--- Exercise directions ---
An exact transcription of all the data is required, with every image removed.

Records contained in a dataset:
———
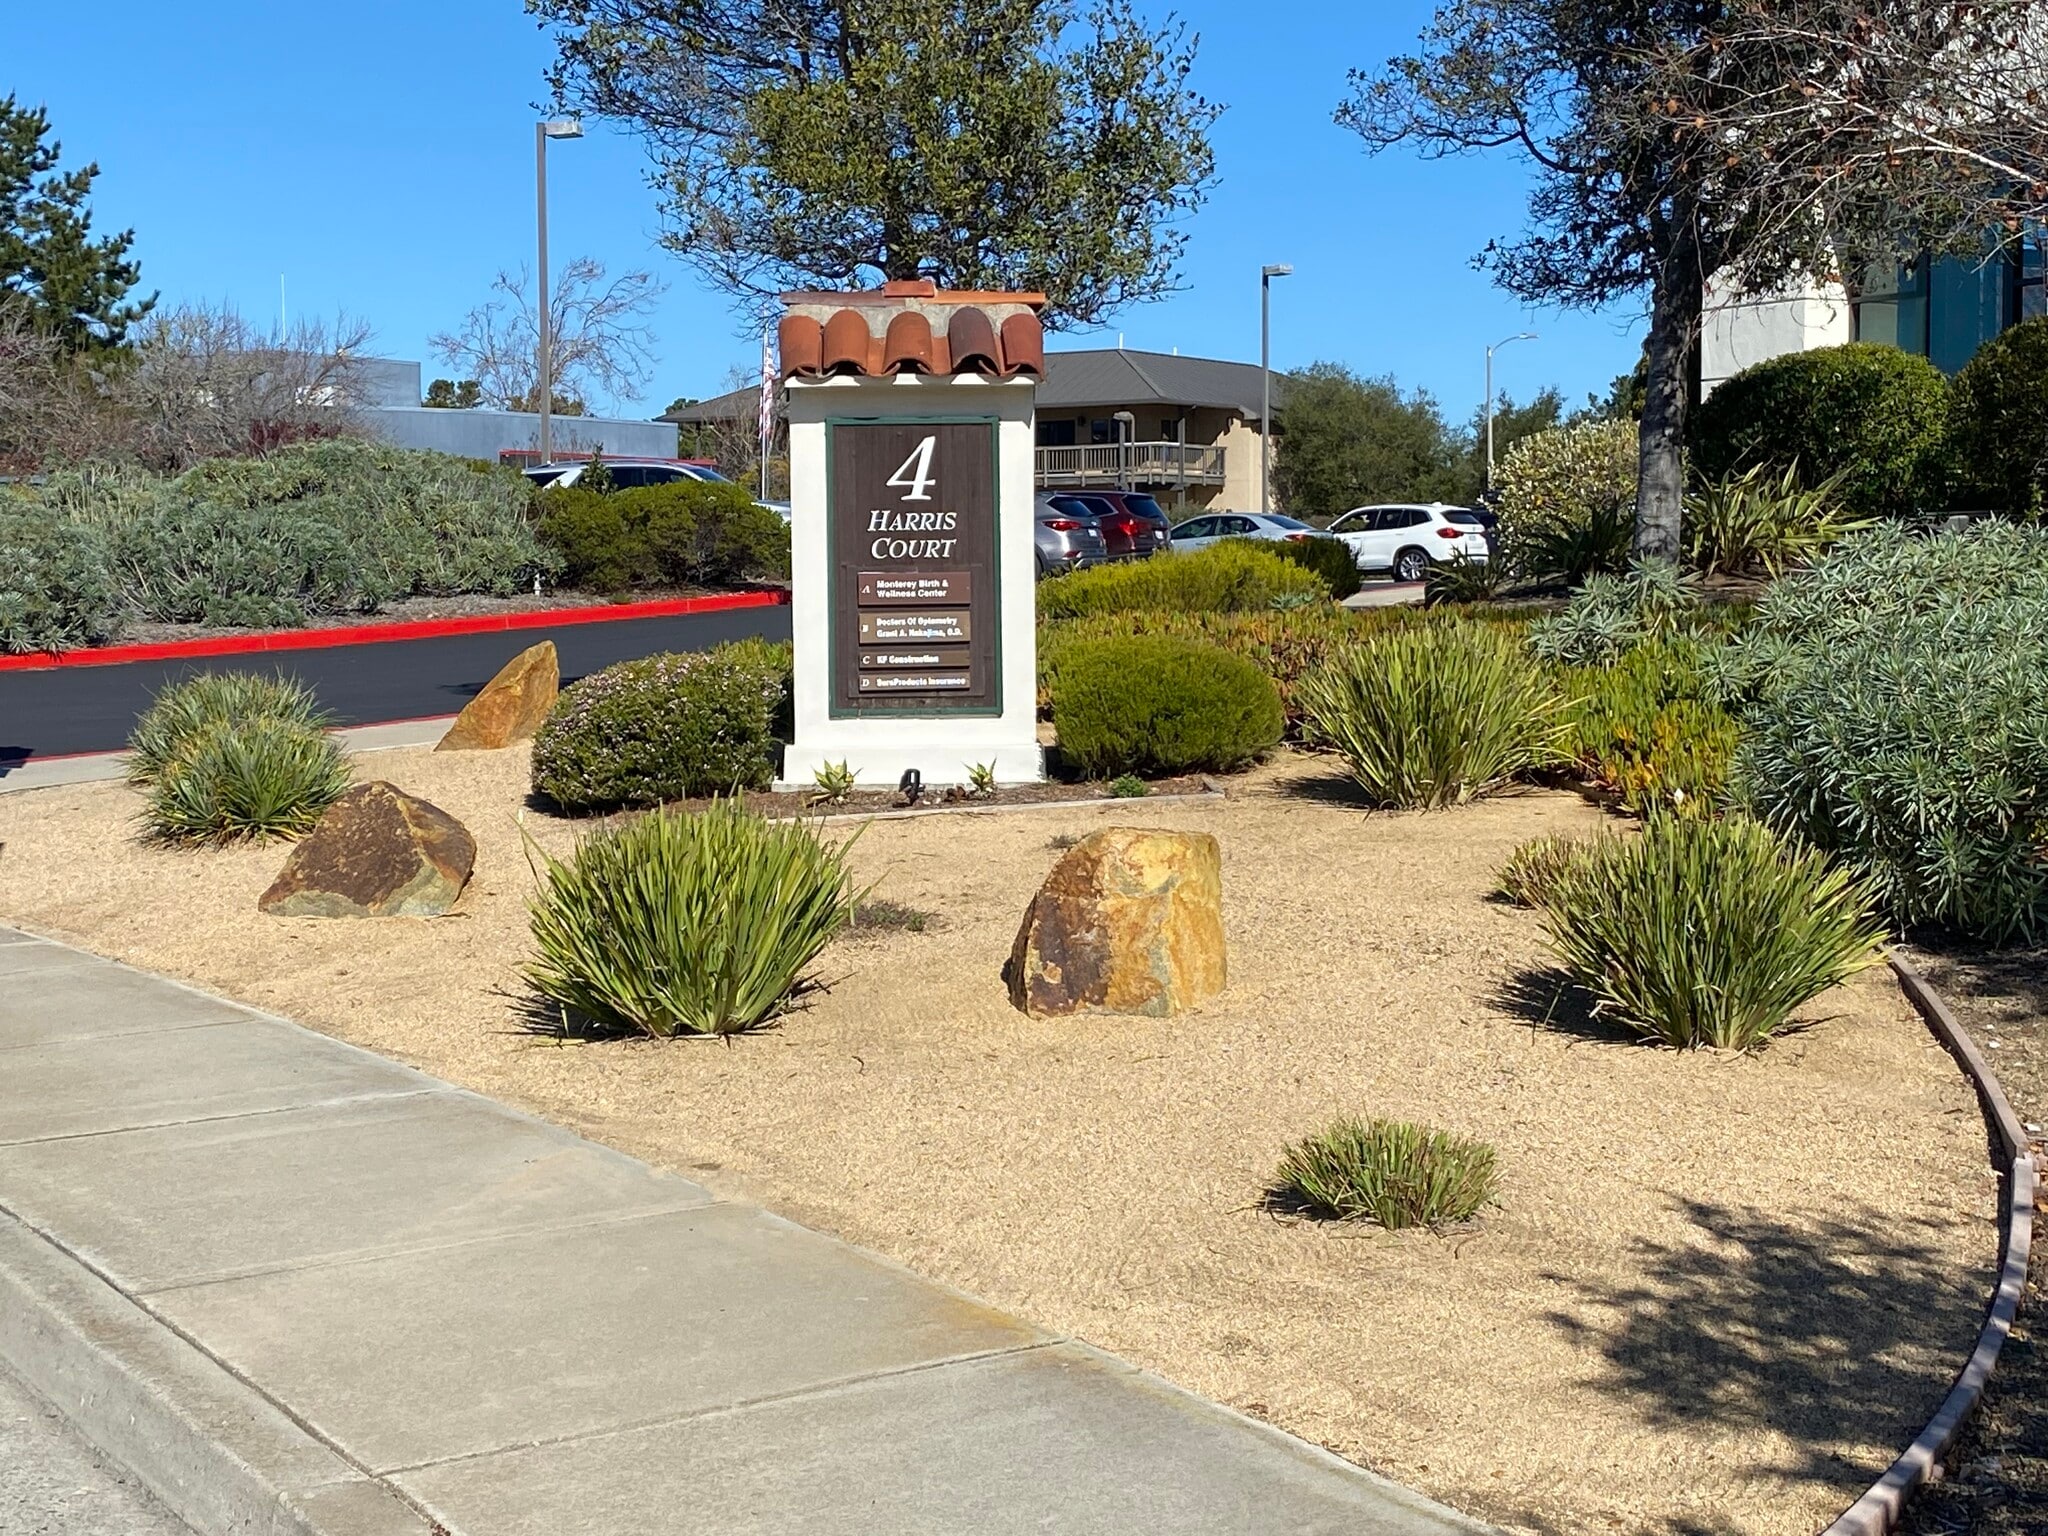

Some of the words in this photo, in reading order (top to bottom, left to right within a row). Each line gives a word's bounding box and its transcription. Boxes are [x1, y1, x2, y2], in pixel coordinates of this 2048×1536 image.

[886, 436, 936, 500] 4
[867, 510, 957, 531] HARRIS
[871, 537, 957, 559] COURT
[877, 580, 917, 589] Monterey
[862, 585, 870, 594] A
[918, 617, 957, 626] Optometry
[862, 656, 870, 664] C
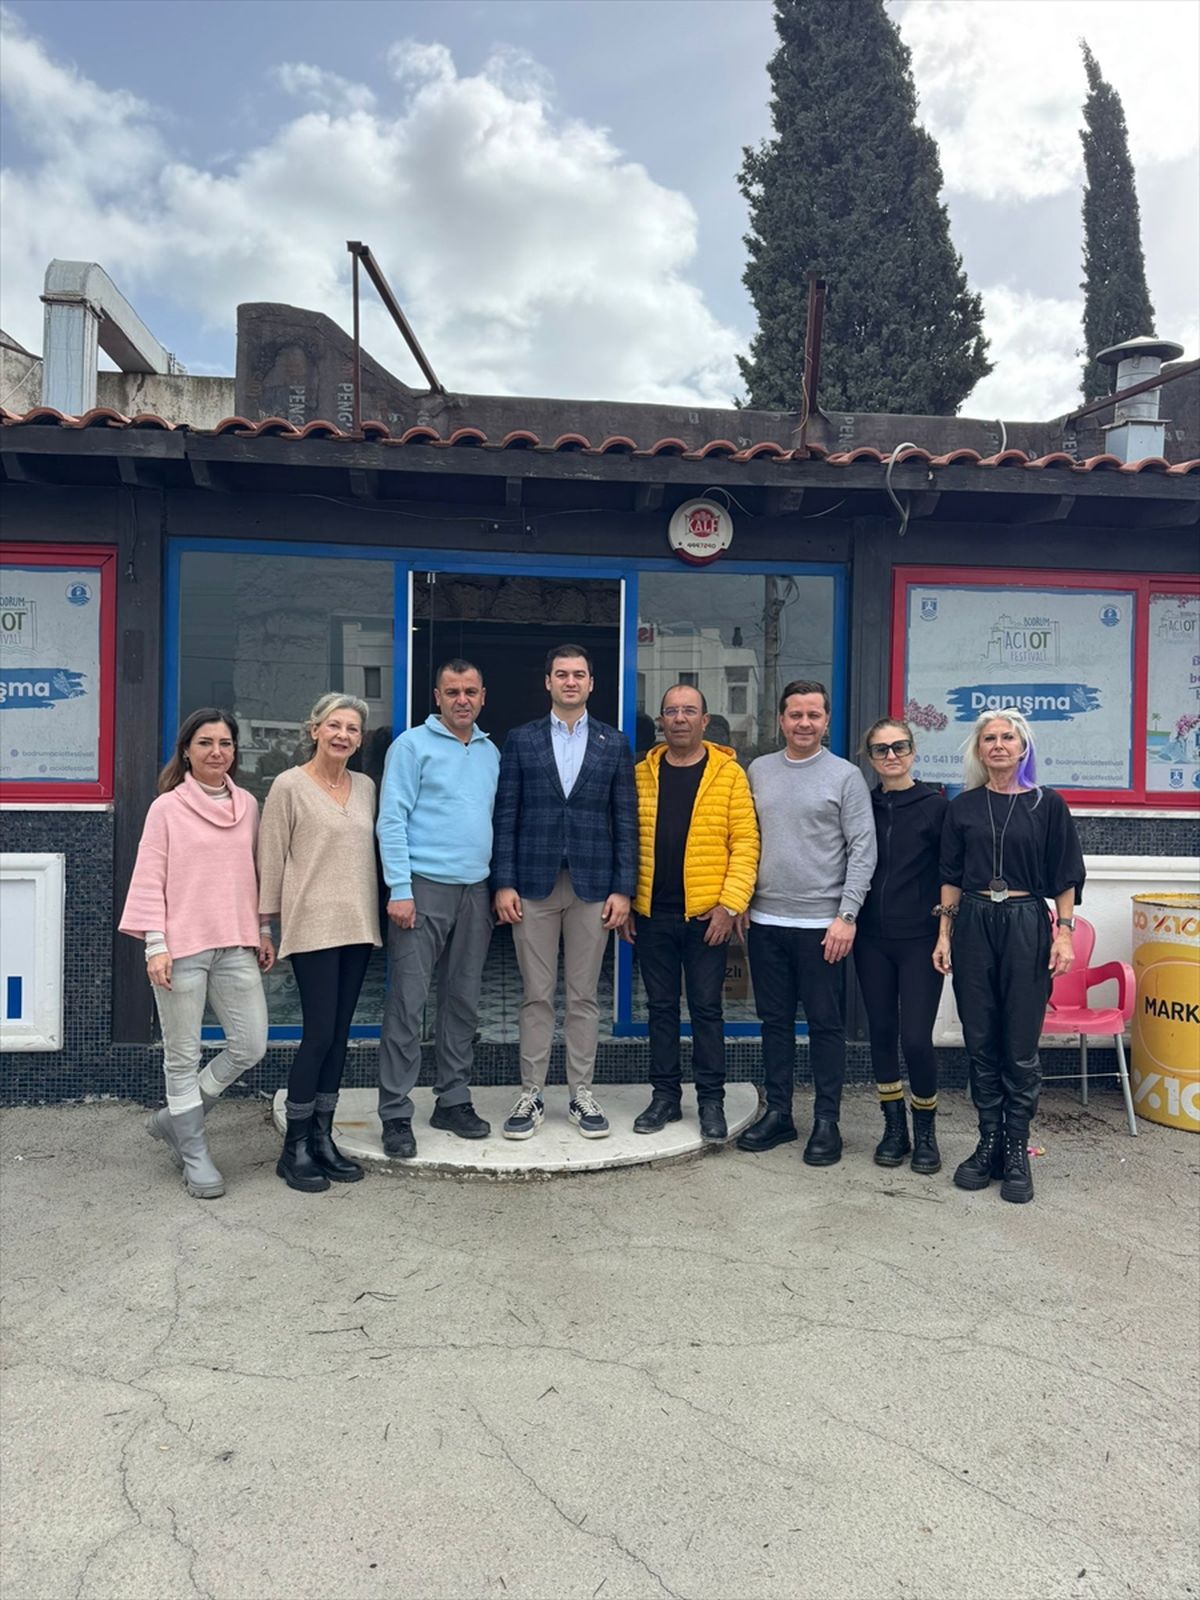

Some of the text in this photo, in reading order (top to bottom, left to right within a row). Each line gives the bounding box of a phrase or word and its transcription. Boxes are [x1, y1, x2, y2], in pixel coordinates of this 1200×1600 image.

[687, 518, 719, 533] KALE
[2, 612, 27, 631] OT
[1023, 616, 1050, 627] BODRUM
[971, 692, 1070, 714] Danışma
[923, 754, 930, 763] 0
[1145, 996, 1200, 1024] MARK
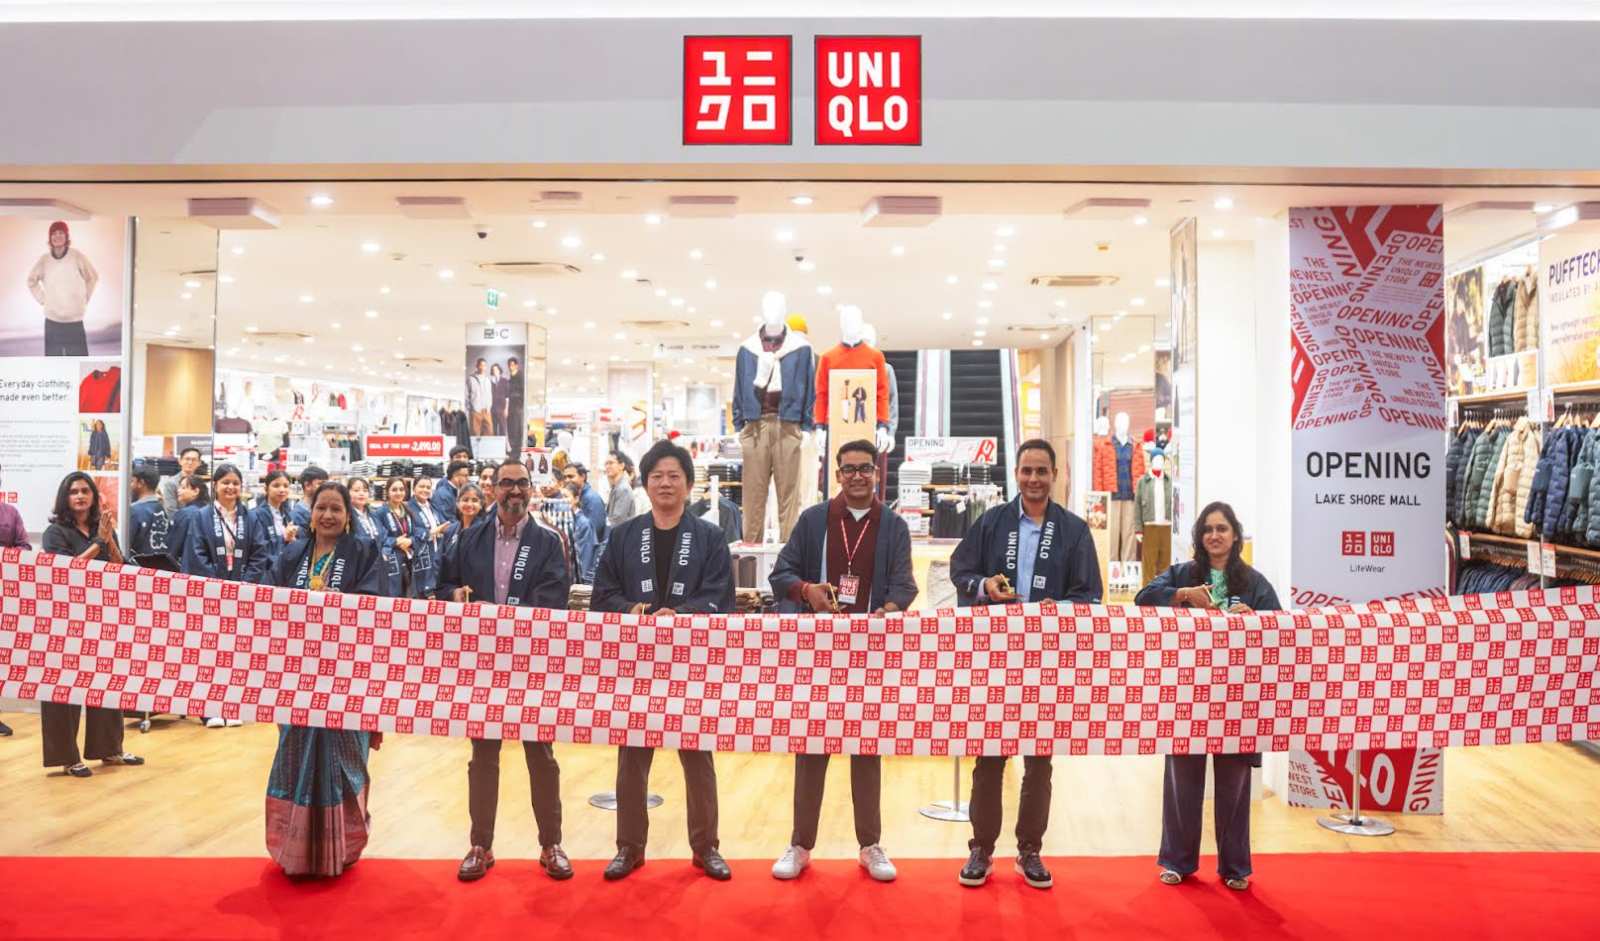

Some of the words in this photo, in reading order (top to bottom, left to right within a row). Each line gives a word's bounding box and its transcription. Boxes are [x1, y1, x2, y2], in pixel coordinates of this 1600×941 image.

[698, 51, 776, 86] ユニ
[828, 51, 901, 88] UNI
[695, 94, 776, 130] クロ
[828, 94, 909, 137] QLO
[1304, 256, 1328, 268] THE
[1348, 232, 1407, 303] OPENING
[1337, 305, 1413, 328] OPENING
[1353, 328, 1430, 353] OPENING
[1295, 410, 1358, 430] OPENING
[908, 438, 944, 448] OPENING
[1306, 451, 1431, 478] OPENING
[1315, 494, 1345, 504] LAKE
[1350, 494, 1385, 506] SHORE
[1390, 495, 1421, 506] MALL
[641, 528, 651, 564] UNIQLO
[678, 532, 692, 566] UNIQLO
[1006, 531, 1017, 569] UNIQLO
[1040, 521, 1054, 559] UNIQLO
[1373, 535, 1391, 543] UNI
[1373, 544, 1393, 554] QLO
[513, 545, 531, 580] UNIQLO
[1350, 564, 1386, 573] LifeWear
———
--- Response box ---
Some of the words in this photo, in reading order (top to bottom, left to right within a row). Each line gives a word's bounding box and its transcription. Boxes are [x1, y1, x2, y2], in pixel coordinates of this 2048×1536 image.

[886, 436, 936, 500] 4
[867, 510, 957, 531] HARRIS
[871, 537, 957, 559] COURT
[877, 580, 917, 589] Monterey
[862, 585, 870, 594] A
[918, 617, 957, 626] Optometry
[862, 656, 870, 664] C

Some of the text in this photo, in reading order (top to bottom, left to right within a row). Each line gives the bounding box of a phrase or word and its transcription. Boxes are [x1, y1, x2, y2], in pixel coordinates of this 1200×1600 image.

[687, 518, 719, 533] KALE
[2, 612, 27, 631] OT
[1023, 616, 1050, 627] BODRUM
[971, 692, 1070, 714] Danışma
[923, 754, 930, 763] 0
[1145, 996, 1200, 1024] MARK

Some of the words in this photo, in reading order (top to bottom, left to right within a row). Each line gives a word's bounding box and its transcription. Boxes are [x1, y1, x2, y2], in pixel coordinates of this 1600×941 image.

[698, 51, 776, 86] ユニ
[828, 51, 901, 88] UNI
[695, 94, 776, 130] クロ
[828, 94, 909, 137] QLO
[1304, 256, 1328, 268] THE
[1348, 232, 1407, 303] OPENING
[1337, 305, 1413, 328] OPENING
[1353, 328, 1430, 353] OPENING
[1295, 410, 1358, 430] OPENING
[908, 438, 944, 448] OPENING
[1306, 451, 1431, 478] OPENING
[1315, 494, 1345, 504] LAKE
[1350, 494, 1385, 506] SHORE
[1390, 495, 1421, 506] MALL
[641, 528, 651, 564] UNIQLO
[678, 532, 692, 566] UNIQLO
[1006, 531, 1017, 569] UNIQLO
[1040, 521, 1054, 559] UNIQLO
[1373, 535, 1391, 543] UNI
[1373, 544, 1393, 554] QLO
[513, 545, 531, 580] UNIQLO
[1350, 564, 1386, 573] LifeWear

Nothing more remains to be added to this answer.